### WHAT YOU NEED TO DO:
The records below must be returned exactly, with every picture left out.

### DATASET:
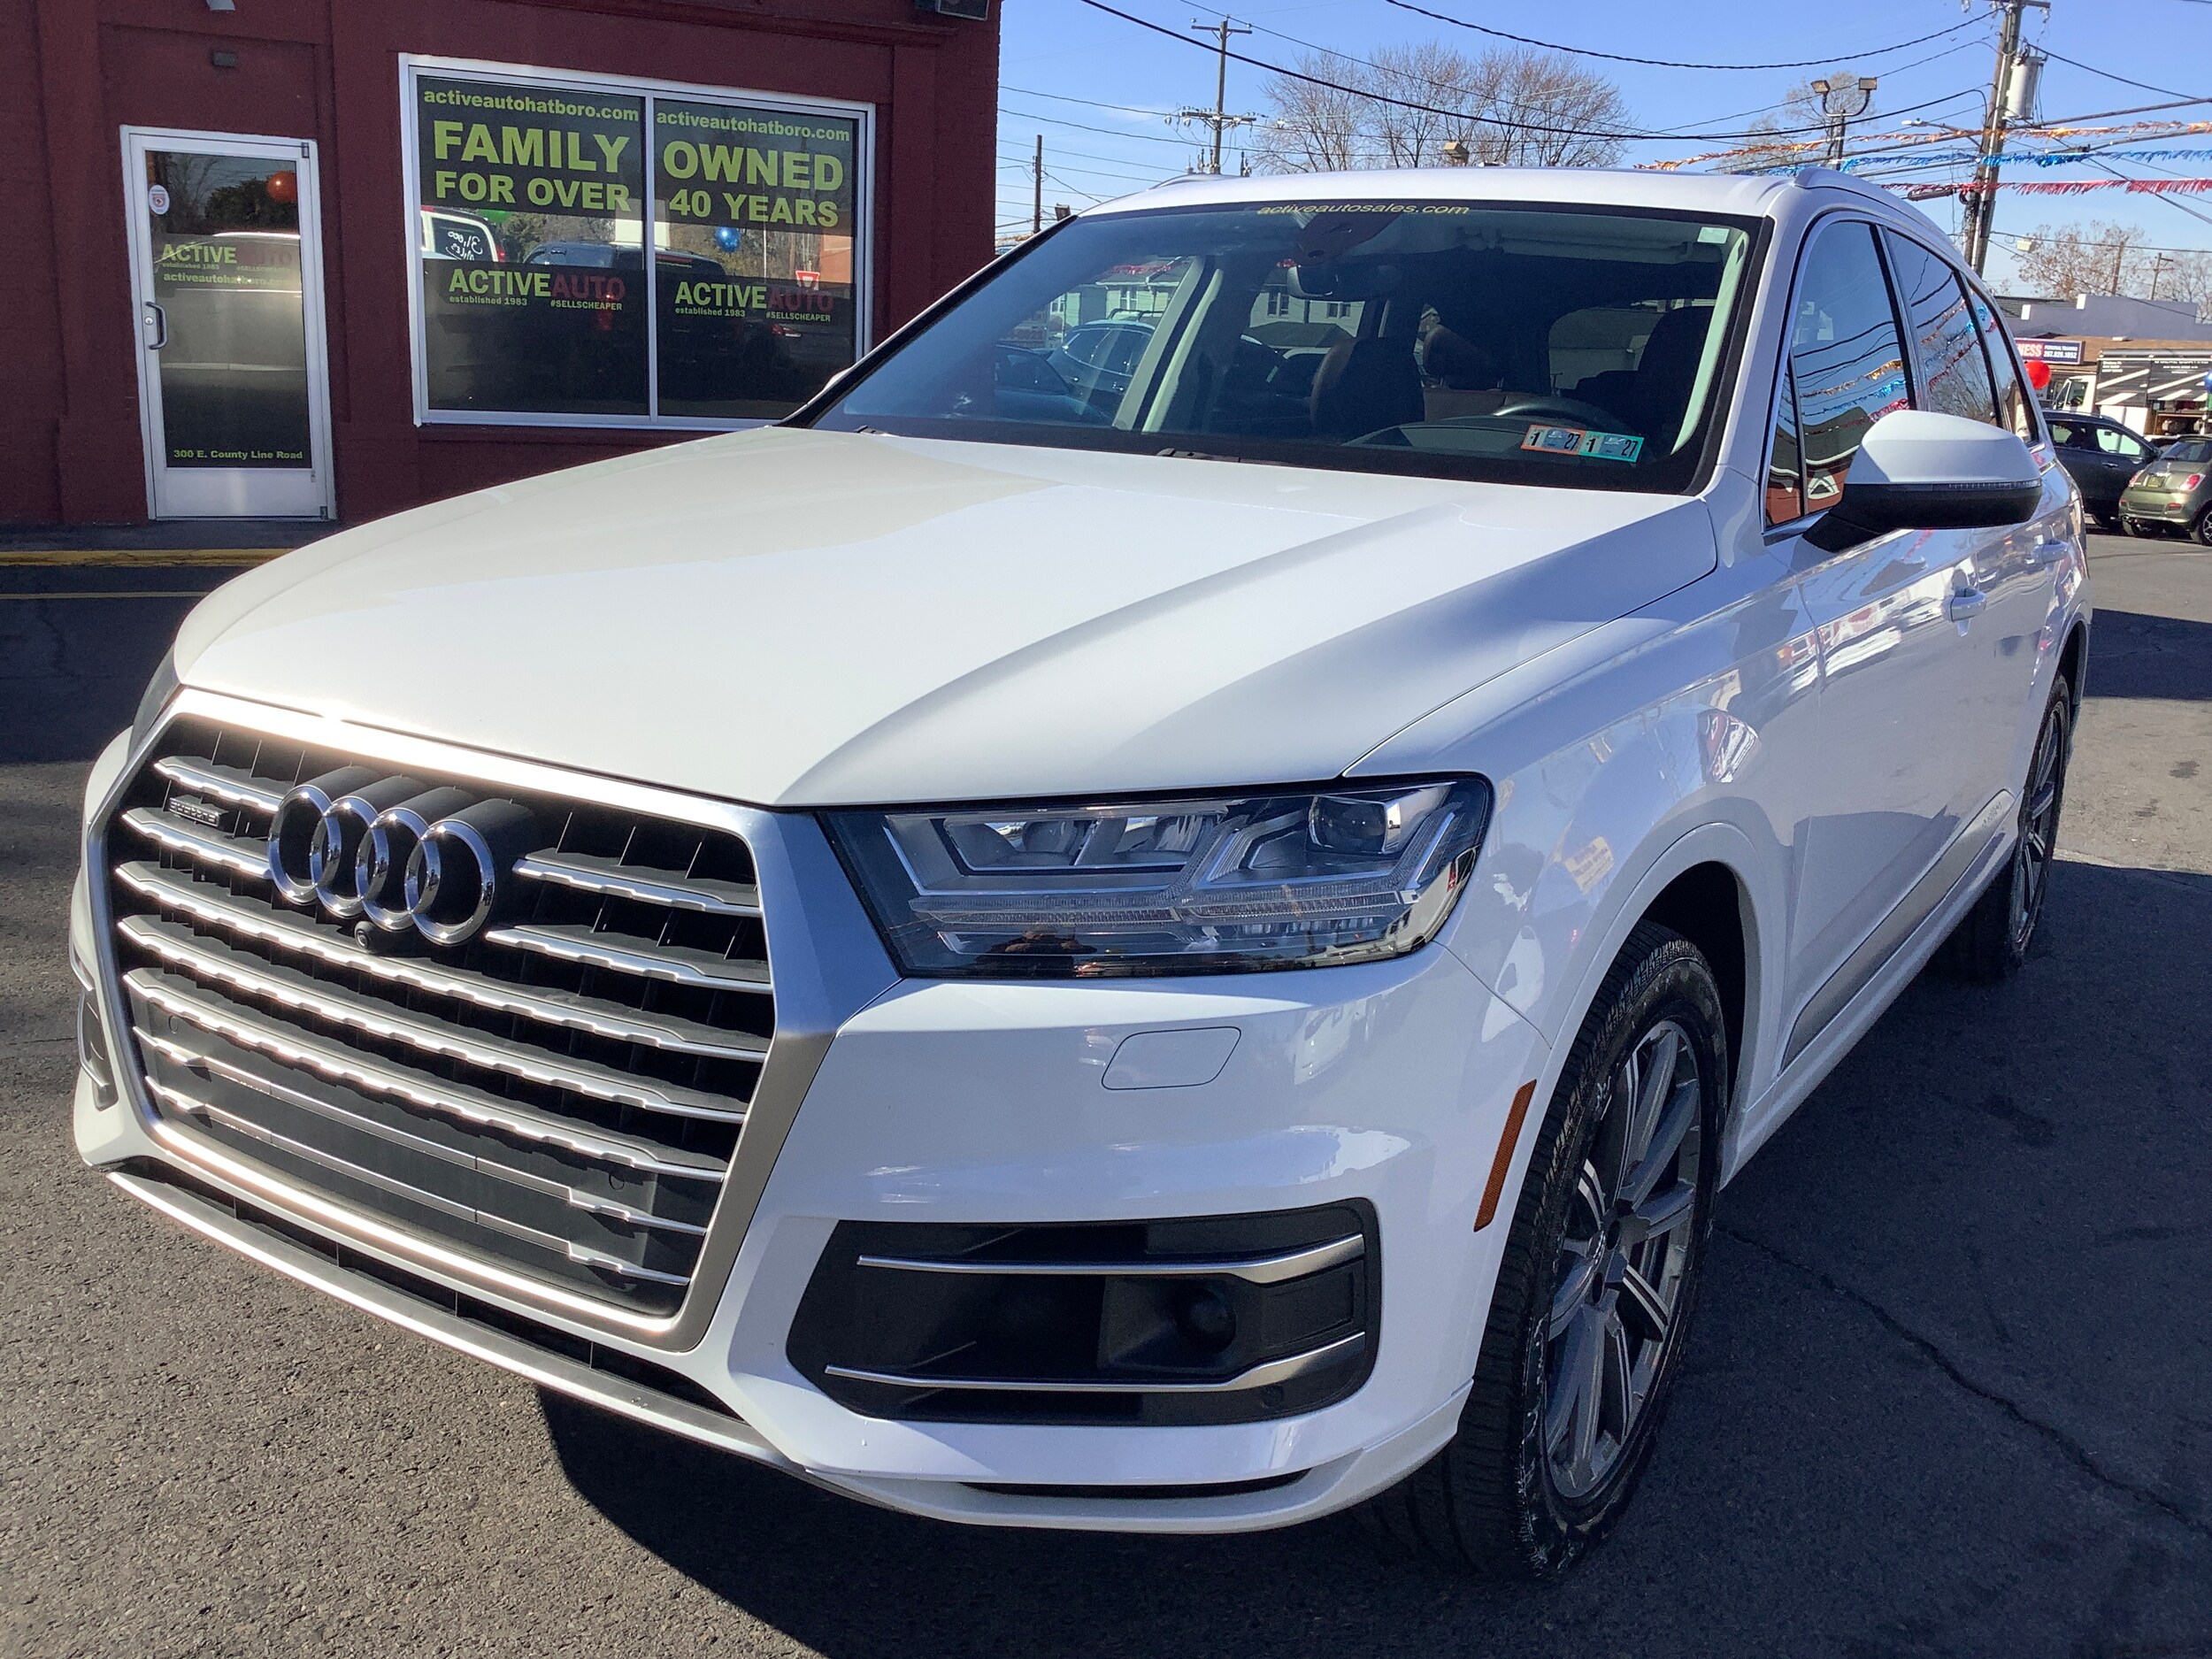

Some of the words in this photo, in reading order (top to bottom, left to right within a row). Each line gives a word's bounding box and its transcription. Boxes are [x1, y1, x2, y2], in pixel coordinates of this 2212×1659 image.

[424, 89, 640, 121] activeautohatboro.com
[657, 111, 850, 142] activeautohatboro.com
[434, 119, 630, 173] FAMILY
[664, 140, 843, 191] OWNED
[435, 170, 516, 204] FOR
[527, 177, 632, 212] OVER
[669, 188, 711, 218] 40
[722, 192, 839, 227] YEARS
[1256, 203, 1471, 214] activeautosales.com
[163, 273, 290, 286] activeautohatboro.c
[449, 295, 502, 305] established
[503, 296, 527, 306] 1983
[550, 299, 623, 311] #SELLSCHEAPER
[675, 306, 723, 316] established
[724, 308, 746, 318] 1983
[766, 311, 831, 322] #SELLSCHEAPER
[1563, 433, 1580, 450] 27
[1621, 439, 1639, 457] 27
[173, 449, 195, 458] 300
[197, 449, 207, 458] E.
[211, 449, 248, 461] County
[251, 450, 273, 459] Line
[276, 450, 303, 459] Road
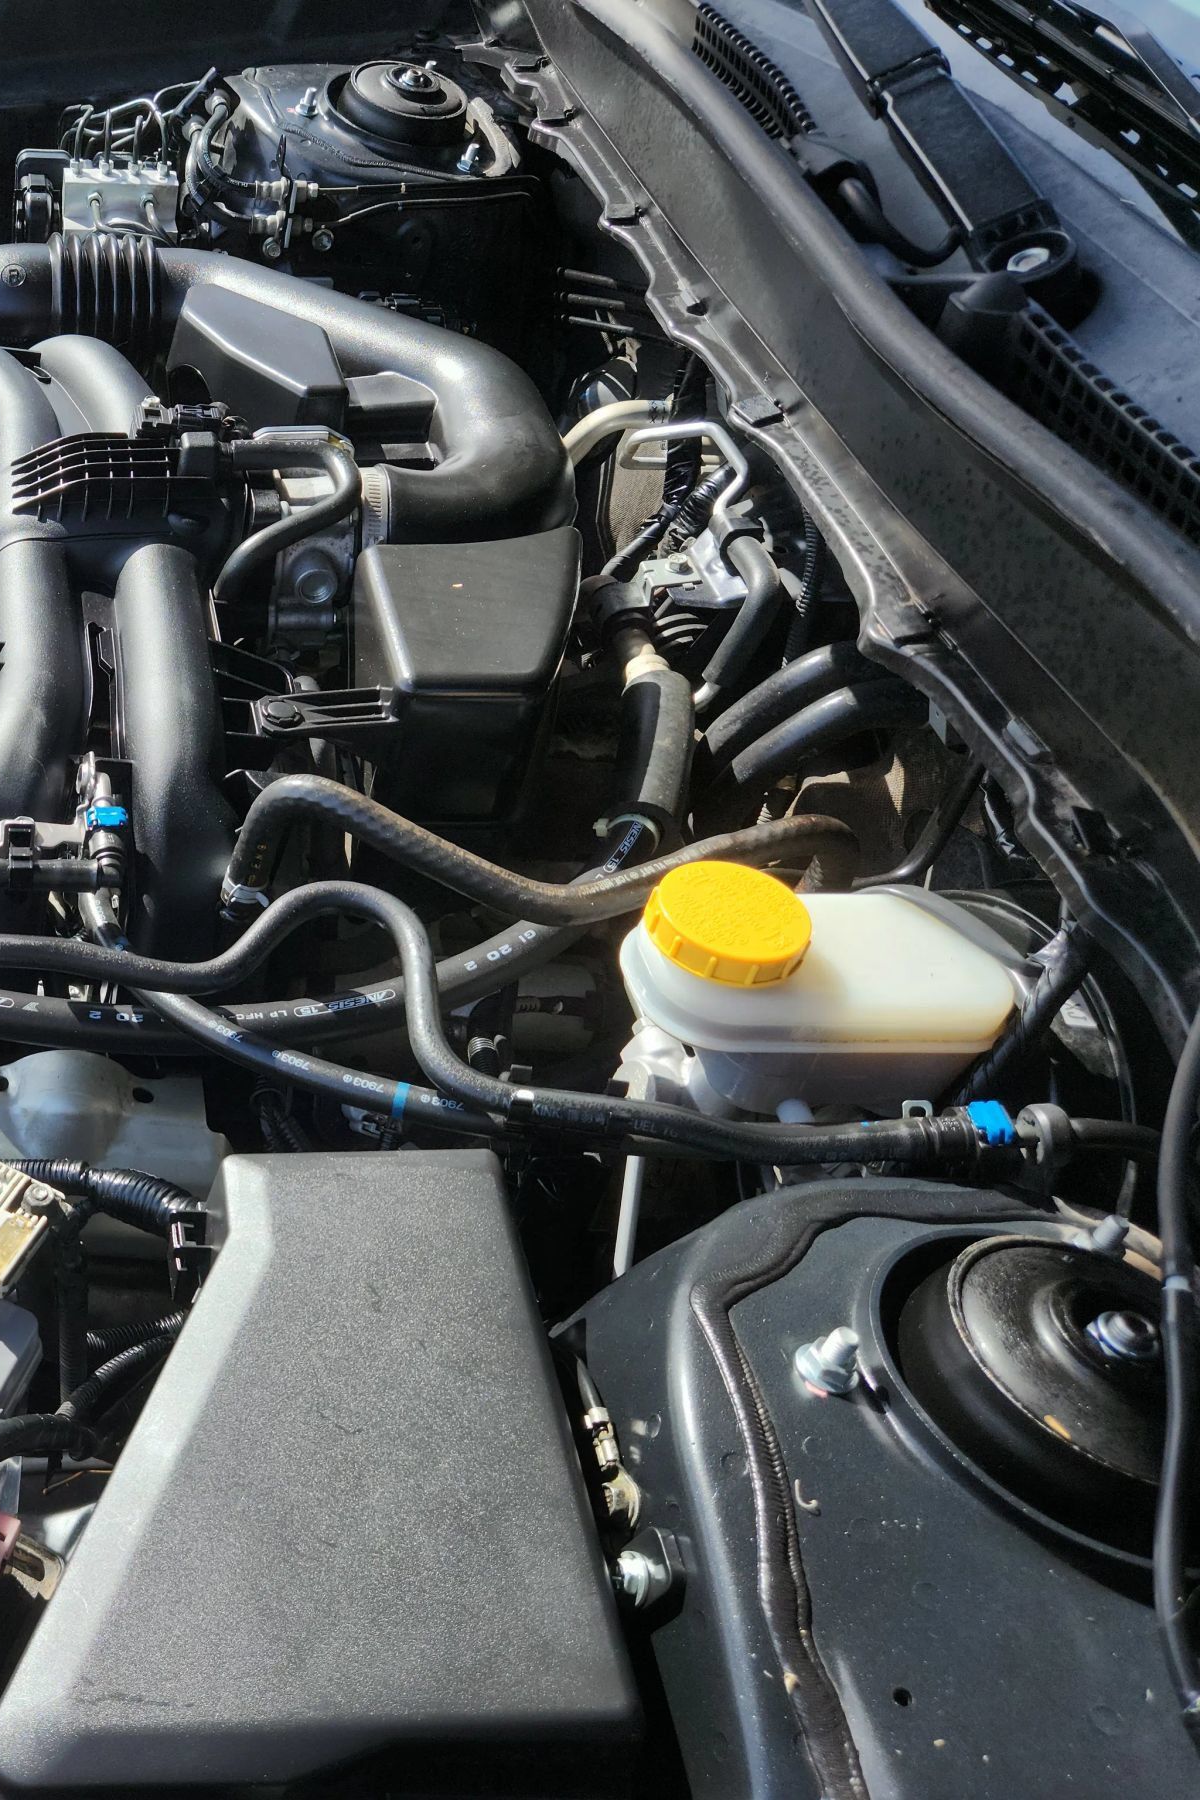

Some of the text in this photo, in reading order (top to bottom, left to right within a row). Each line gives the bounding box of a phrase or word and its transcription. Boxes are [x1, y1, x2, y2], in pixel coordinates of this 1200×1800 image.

### RESULT BELOW:
Some of the words in this photo, in reading order (top to bottom, left to right within a row). Each line gives a word's bounding box and its transcription. Boxes are [x1, y1, x2, y2], in pixel coordinates of this 2212×1659 image.

[424, 89, 640, 121] activeautohatboro.com
[657, 111, 850, 142] activeautohatboro.com
[434, 119, 630, 173] FAMILY
[664, 140, 843, 191] OWNED
[435, 170, 516, 204] FOR
[527, 177, 632, 212] OVER
[669, 188, 711, 218] 40
[722, 192, 839, 227] YEARS
[1256, 203, 1471, 214] activeautosales.com
[163, 273, 290, 286] activeautohatboro.c
[449, 295, 502, 305] established
[503, 296, 527, 306] 1983
[550, 299, 623, 311] #SELLSCHEAPER
[675, 306, 723, 316] established
[724, 308, 746, 318] 1983
[766, 311, 831, 322] #SELLSCHEAPER
[1563, 433, 1580, 450] 27
[1621, 439, 1639, 457] 27
[173, 449, 195, 458] 300
[197, 449, 207, 458] E.
[211, 449, 248, 461] County
[251, 450, 273, 459] Line
[276, 450, 303, 459] Road

Some of the text in this photo, in reading order (top to bottom, left to right within a row). Each line gives the bounding box of a phrase or word and its transcription. Boxes are [x1, y1, x2, y2], in pixel coordinates of this 1200×1800 image.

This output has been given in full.